I have been frugal up until now as to what I came do so far. I bought a new Chrome Notebook I am using and now a new Iphone when it arrives today sometime. I don’t plan on going crazy in buying items just what I need as i go along and find a place to settle into.

The economy sucks for those of us stuck on budgets and benefits to live. Prices rise but income to survive does not. So, life goes on and being frugal is what I must be. I am hoping the governemnt can see a way to bring inflation down once more, but time shall tell folks. Congress needs to get it’s shit in one bag and fix the situation for all of us who are middle income and below, fast. If they don’t, I recommend we remove those blocking it from happening from office and elect new people to do so, fast. 2022 will be upon us fast, and if America doesn’t get with the times and fix it’s economy we can go the route of the Romans and others who perished from the planet, as empires that failed.

The Covid fight continues daily in the world, as different companies produce vaccines and pills for it. Each of us who get vaccinated, saves ourselves as well as possibly those we love around us. I know there are many who won’t get vaccinated for personal reasons, like it’s there body and no one should tell them what to do with it and thats their right of course. Sadly, they don’t seem to consider others around them, includingtheir own families and relatives when they do so. Yet they have the right, and do as they please, good luck to them I say.

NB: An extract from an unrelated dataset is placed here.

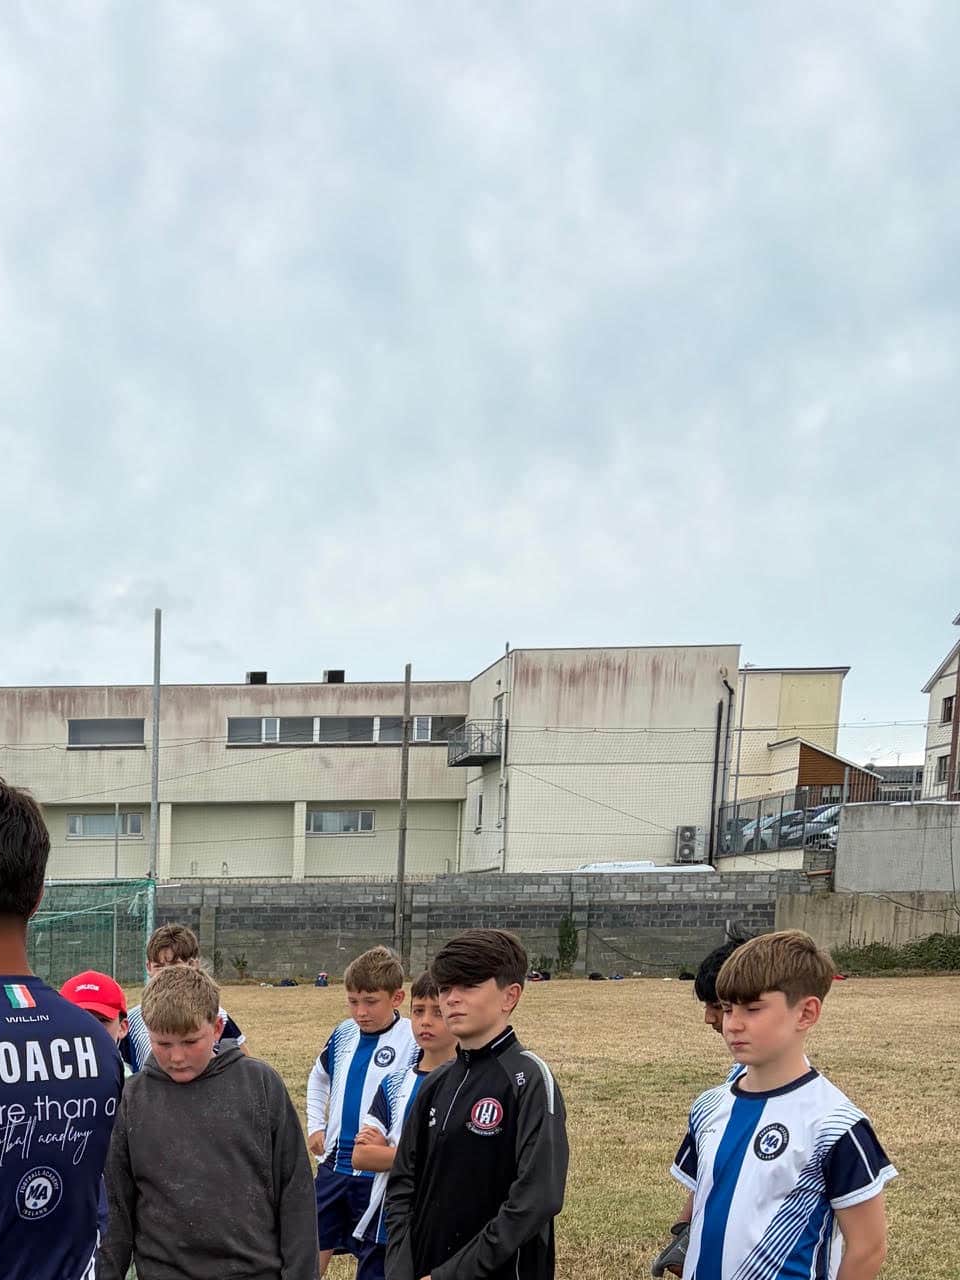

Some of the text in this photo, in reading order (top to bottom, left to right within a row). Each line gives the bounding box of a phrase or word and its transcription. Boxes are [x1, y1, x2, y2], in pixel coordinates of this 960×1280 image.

Each morning I hear about murder trials, deaths, cancer fights, and politics on tv news. It seems to me the stories of bad news heavily outweigh the good news ones. Isn’t there a news agency, or station out there that can produce more positive news then negative news, these days. All the negative news is depressing and sad, and affects all Americans and their mental status. Do the news Agencies know how the reporting of the negative or bad news affects the mentality and emotional well-being of all Americans, do they ever consider that? Maybe consideration is what is lacking in America’s Society, in all areas, such as the Covid Vaccination situation, the news reporting and more?